A light ripple of laughter came up from below, and a chestnut thrown up struck him on the hand, and he saw Diana and Bill step from out the shadowy porch.
“There’s a chestnut for you, Mr. Owl,” she called, gaily, “if you will stay moping up there! Come, now, it’s a splendid evening; won’t you come?”
“No, thank you. I sha’n’t be missed,” was the reply.
“That’s true enough; the loss is your own. Good bye, Mr. Philosopher.”
“Good bye, Diana.”
Something in the tone struck strangely through her heart. It was the voice of what Diana never had felt yet — deep suffering — and she gave a little shiver.
“What an awfully solemn voice James has sometimes,” she said; and then added, with a laugh, “it would make his fortune as a Methodist minister.”
The sound of the light laugh and little snatches and echoes of gay talk came back like heartless elves to mock Jim’s sorrow.
“So much for her,” he said, and turned to go and look for his mother.
CHAPTER V.
MOTHER AND SON.
He knew where he should find her. There was a little, low work-room adjoining the kitchen that was his mother’s sanctum. There stood her work-basket — there were always piles and piles of work, begun or finished; and there also her few books at hand, to be glanced into in rare snatches of leisure in her busy life.
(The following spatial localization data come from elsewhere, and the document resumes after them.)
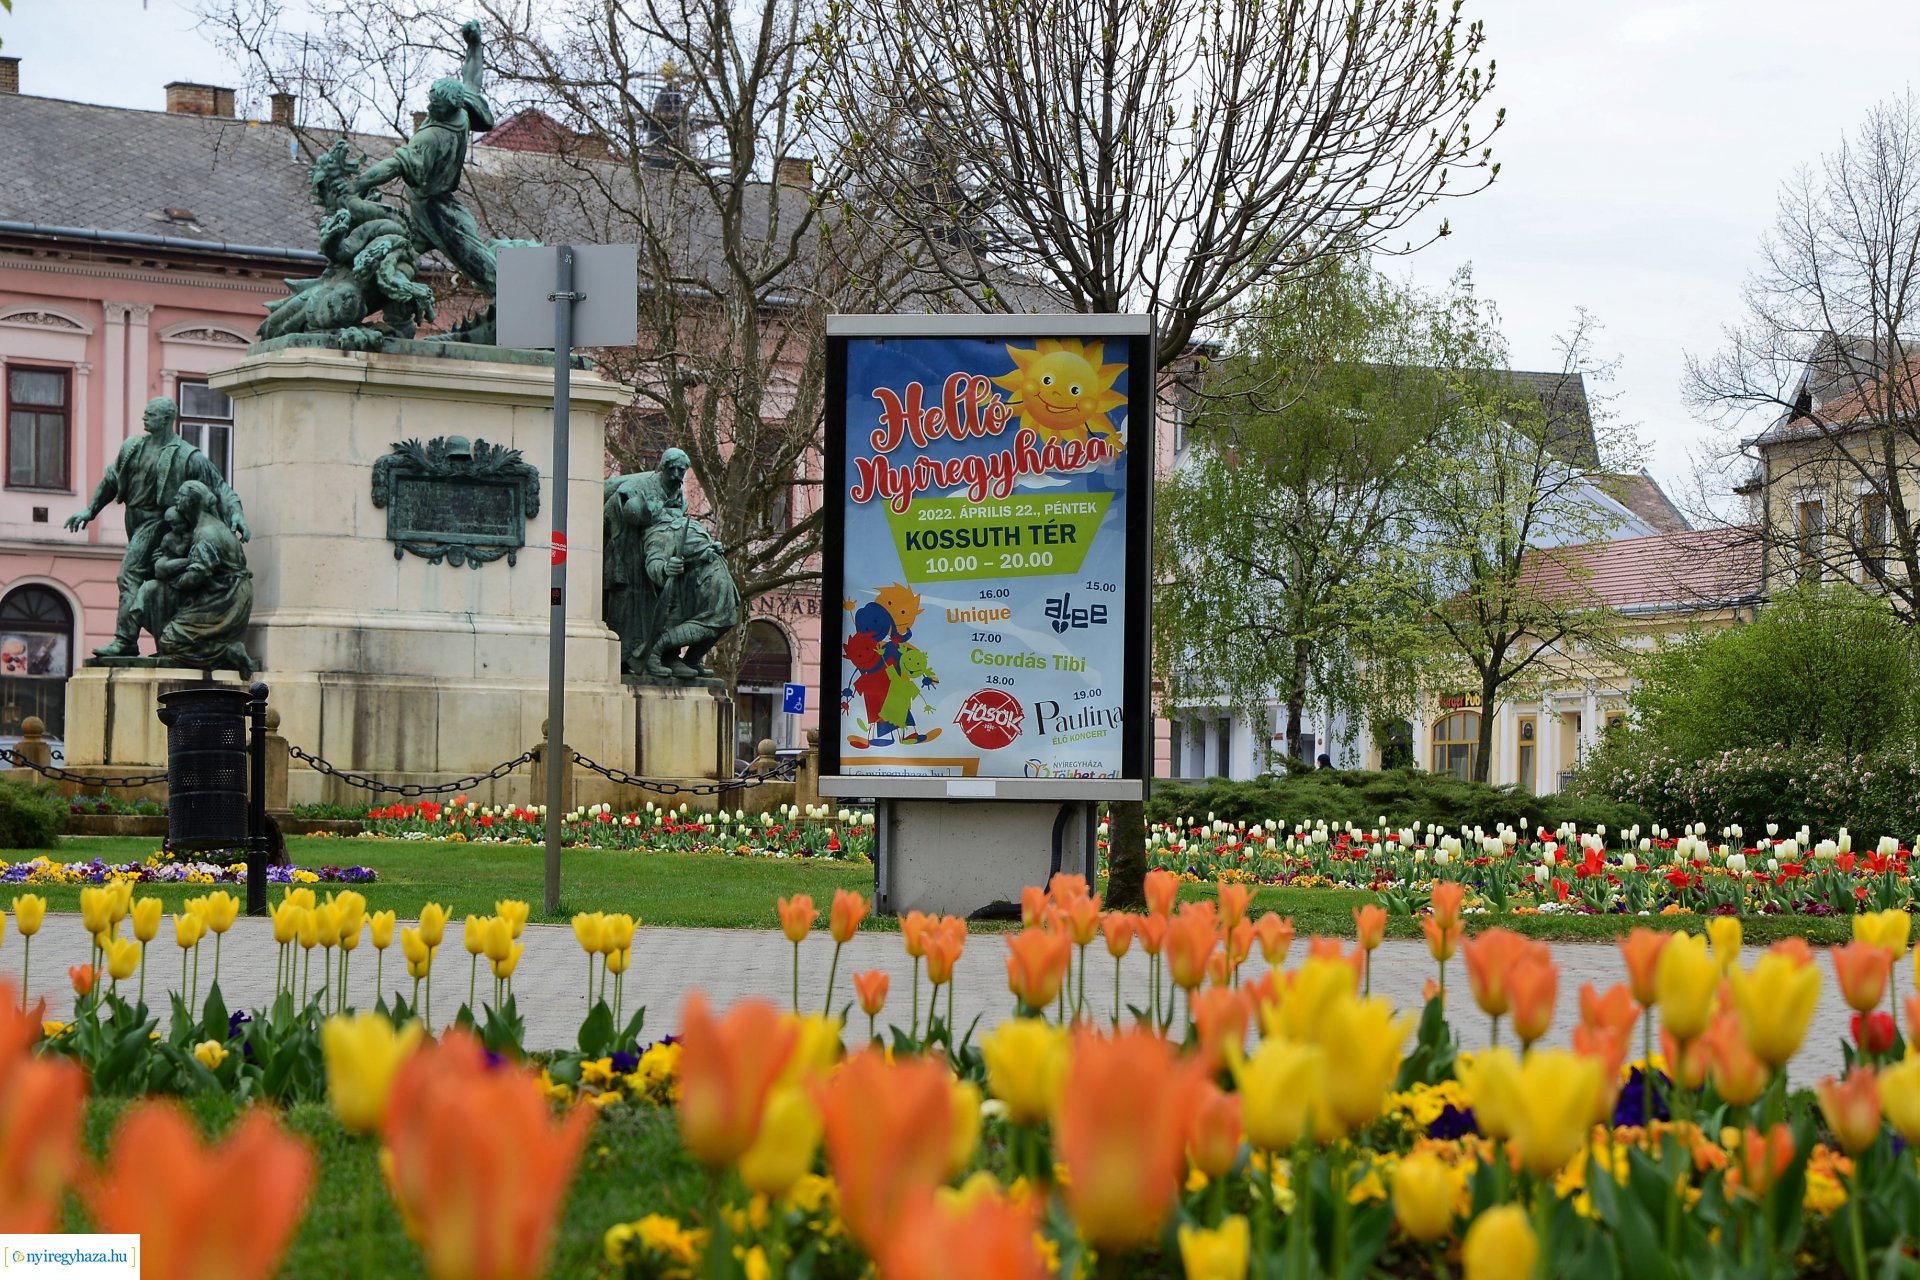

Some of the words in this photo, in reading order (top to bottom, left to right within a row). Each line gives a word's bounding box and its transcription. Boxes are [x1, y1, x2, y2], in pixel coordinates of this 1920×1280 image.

[870, 372, 1012, 452] Helló
[850, 429, 1114, 514] Nyíregyháza
[918, 508, 956, 521] 2022.
[960, 504, 1012, 519] ÁPRILIS
[1015, 504, 1041, 518] 22.,
[1044, 501, 1097, 515] PÉNTEK
[906, 525, 1020, 551] KOSSUTH
[1028, 519, 1077, 545] TÉR
[925, 556, 977, 573] 10.00
[1000, 551, 1053, 569] 20.00
[979, 588, 1010, 599] 16.00
[1086, 580, 1116, 593] 15.00
[946, 606, 1012, 624] Unique
[971, 632, 1002, 644] 17.00
[970, 648, 1047, 670] Csordás
[1052, 654, 1086, 673] Tibi
[985, 675, 1015, 686] 18.00
[785, 687, 794, 701] P
[1073, 688, 1102, 700] 19.00
[1465, 690, 1481, 706] Pub
[1034, 700, 1124, 736] Paulina
[1052, 735, 1068, 746] ÉLŐ
[1069, 729, 1108, 742] KONCERT
[1053, 760, 1103, 769] NYÍREGYHÁZA
[1052, 769, 1096, 779] Többet
The old times New England house mother was not a mere unreflective drudge of domestic toil. She was a reader and a thinker, keenly appreciative in intellectual regions. The literature of that day in New England was sparse; but whatever there was, whether in this country or in England, that was noteworthy, was matter of keen interest, and Mrs. Pitkin’s small library was very dear to her. No nun in a convent under vows of abstinence ever practiced more rigorous self-denial than she did in the restraints and government of intellectual tastes and desires. Her son was dear to her as the fulfillment and expression of her unsatisfied craving for knowledge, the possessor of those fair fields of thought which duty forbade her to explore.
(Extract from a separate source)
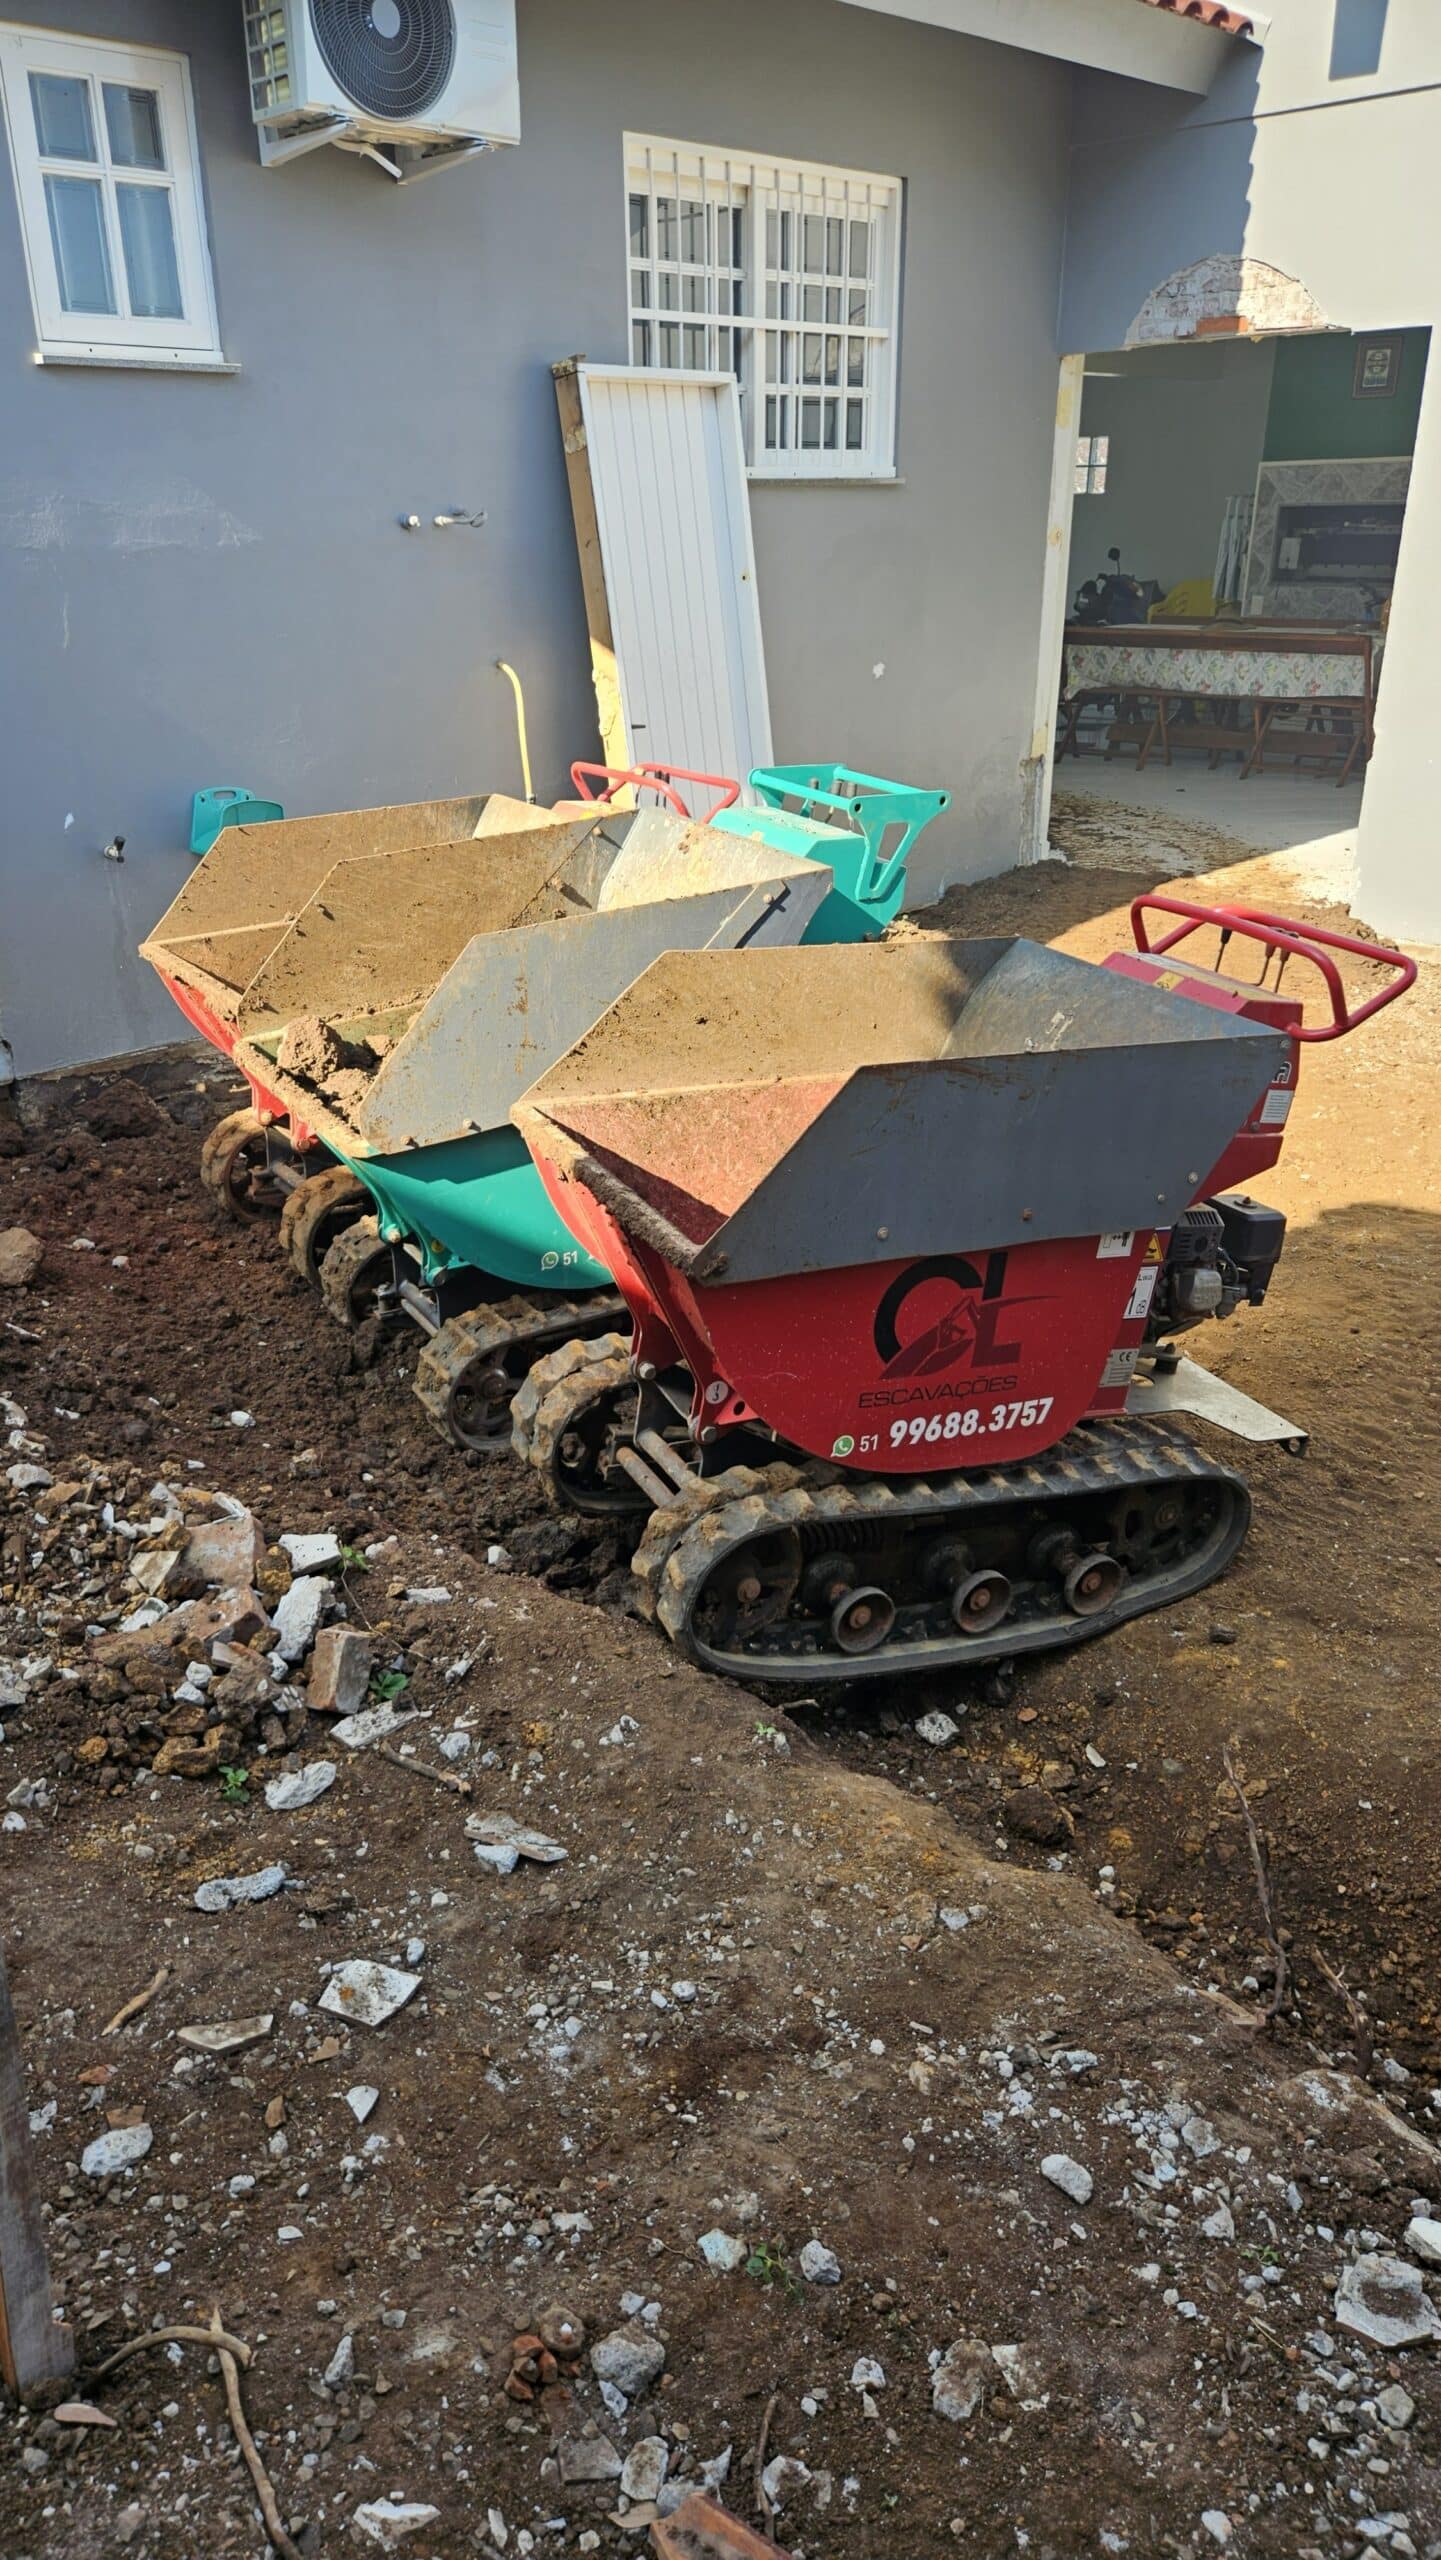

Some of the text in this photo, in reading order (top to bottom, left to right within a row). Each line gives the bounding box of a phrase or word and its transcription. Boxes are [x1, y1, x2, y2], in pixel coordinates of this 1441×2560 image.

[563, 1250, 578, 1266] 51
[1119, 1351, 1133, 1362] CE
[858, 1375, 1019, 1409] ESCAVAÇÕES
[859, 1396, 1055, 1453] 51 99688.3757
James stood and looked in at the window, and saw her sorting and arranging the family mending, busy over piles of stockings and shirts, while on the table beside her lay her open Bible, and she was singing to herself, in a low, sweet undertone, one of the favorite minor-keyed melodies of those days:
“O God, our help in ages past,
Our hope for years to come,
Our shelter from the stormy blast
And our eternal home!”
An indescribable feeling, blended of pity and reverence, swelled in his heart as he looked at her and marked the whitening hair, the thin worn little hands so busy with their love work, and thought of all the bearing and forbearing, the waiting, the watching, the long-suffering that had made up her life for so many years. The very look of exquisite calm and resolved strength in her patient eyes and in the gentle lines of her face had something that seemed to him sad and awful — as the purely spiritual always looks to the more animal nature. With his blood bounding and tingling in his veins, his strong arms pulsating with life, and his heart full of a man’s vigor and resolve, his mother’s life seemed to him to be one of weariness and drudgery, of constant, unceasing self-abnegation. Calm he knew she was, always sustained, never faltering; but her victory was one which, like the spiritual sweetness in the face of the dying, had something of sadness for the living heart.
He opened the door and came in, sat down by her on the floor, and laid his head in her lap.
“Mother, you never rest; you never stop working.”
“Oh, no!” she said gaily, “I’m just going to stop now. I had only a few last things I wanted to get done.”
“Mother, I can’t bear to think of you; your life is too hard. We all have our amusements, our rests, our changes; your work is never done; you are worn out, and get no time to read, no time for anything but drudgery.”
“Don’t say drudgery, my boy — work done for those we love never is drudgery. I’m so happy to have you all around me I never feel it.”
“But, mother, you are not strong, and I don’t see how you can hold out to do all you do.”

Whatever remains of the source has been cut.